The track’s sparse, 8-bar rhythm plods faithfully along for the song’s final section, which culminates in a dramatic harmonic climax that may very well have provided the initial flashes of the fire that would come to define rock & roll decades later.
One of Armstrong’s first of many major musical contributions was to bring emphasis to the soloist within an outfit. “St. James Infirmary Blues” serves as a prime example of this development.
The push and pull of the emotive, instrumental movement being brought to a thunderous and visceral resolution not only conjures the worlds of jazz and blues simultaneously but – intentionally or otherwise – incorporates many of the elements in classical music responsible for endowing the work of composers like Wagner with such arresting emotional impactfulness, as heard in pieces such as “Liebestod.”
The darkness of tone and lyrics throughout the number provides one dimension of the narrative therein. But it is the journey of the music which allows for the realization of the full emotional impact.
Armstrong’s interpretation, like most others, presents a man who could be perceived as callous and heartless, unburdened by his sins to any extent that might warrant a change of lifestyle.
But Armstrong digs deeper, the music displaying an intermittent spark until – following a final run through the song’s motif – the elements ignite in an explosive expulsion of grief which establishes the humanity of a decidedly unsympathetic character.

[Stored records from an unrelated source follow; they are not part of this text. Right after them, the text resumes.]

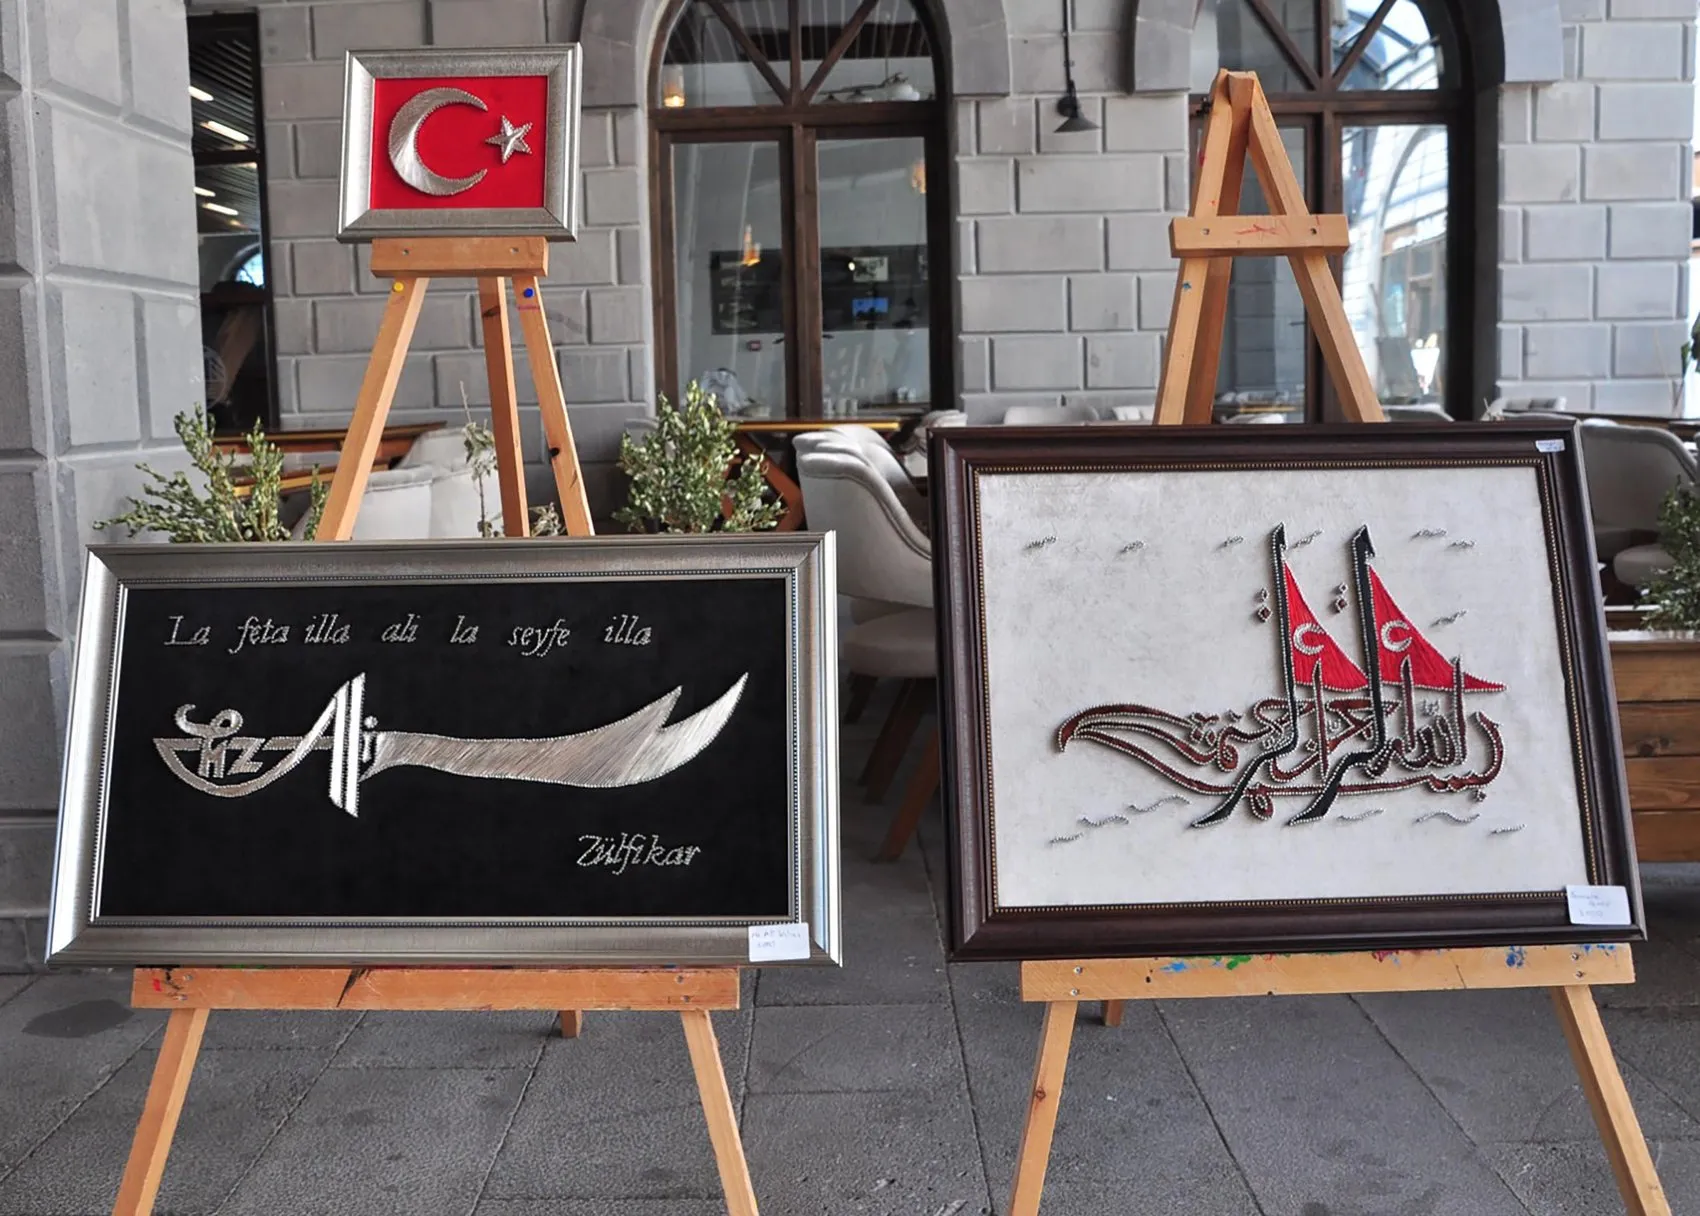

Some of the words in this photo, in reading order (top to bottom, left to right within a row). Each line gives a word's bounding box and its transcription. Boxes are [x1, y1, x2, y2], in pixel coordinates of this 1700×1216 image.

[165, 616, 210, 644] La
[229, 616, 289, 653] feta
[305, 614, 350, 643] illa
[382, 614, 420, 642] ali
[451, 616, 478, 643] la
[508, 619, 570, 657] seyfe
[605, 614, 651, 645] illa
[577, 833, 701, 875] Zülfikar

This, by proxy, establishes conflicting feelings within the listener, illuminating our own messy realities in which the right choices are rarely obvious, and the most insidious evil can evince flashes of divine beauty.
Sun Records founder Sam Phillips would frequently recall his initial reaction to the music of Howlin’ Wolf, remarking of its distinctiveness and intensity, “this is where the soul of man never dies.” Those who commit themselves fully to the assimilation of Armstrong’s “St. James Infirmary Blues” will almost unquestionably find themselves rendered susceptible to feelings of this nature.
With contrapuntal exchanges that simultaneously invoke Bach and the Rolling Stones and a soaring, climactic finale executed on the scale of both Beethoven’s 9th and Led Zeppelin’s “Stairway to Heaven,” Armstrong’s interpretation of an archaic standard may have been the first true instance of lightning having been captured in a bottle. It is there it remains today for posterity, readily available to expand upon the universal understanding of all who care to embark upon the journey.